Content starts

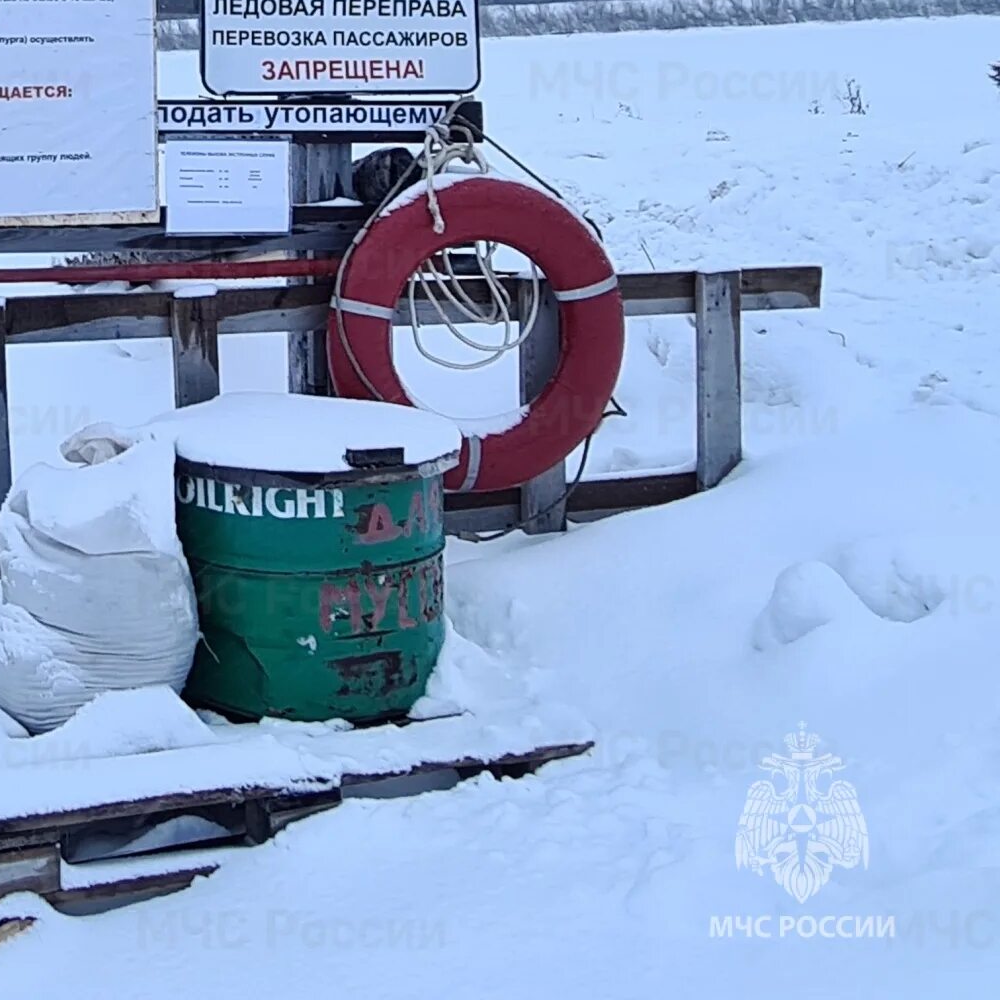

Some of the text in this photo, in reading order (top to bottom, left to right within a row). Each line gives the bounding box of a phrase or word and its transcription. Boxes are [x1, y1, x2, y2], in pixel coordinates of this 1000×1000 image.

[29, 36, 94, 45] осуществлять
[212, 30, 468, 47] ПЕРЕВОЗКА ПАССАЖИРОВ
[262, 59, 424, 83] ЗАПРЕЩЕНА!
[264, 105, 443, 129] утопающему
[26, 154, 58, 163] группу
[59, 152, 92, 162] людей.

Content ends

Activity
Write out every line above exactly, minus images.

Answer for the task
Some of the text in this photo, in reading order (top to bottom, left to right within a row). Each line gives the bounding box of a phrase or word and its transcription. Boxes are [x1, y1, x2, y2], in pixel coordinates of this 1000×1000 image.

[29, 36, 94, 45] осуществлять
[212, 30, 468, 47] ПЕРЕВОЗКА ПАССАЖИРОВ
[262, 59, 424, 83] ЗАПРЕЩЕНА!
[264, 105, 443, 129] утопающему
[26, 154, 58, 163] группу
[59, 152, 92, 162] людей.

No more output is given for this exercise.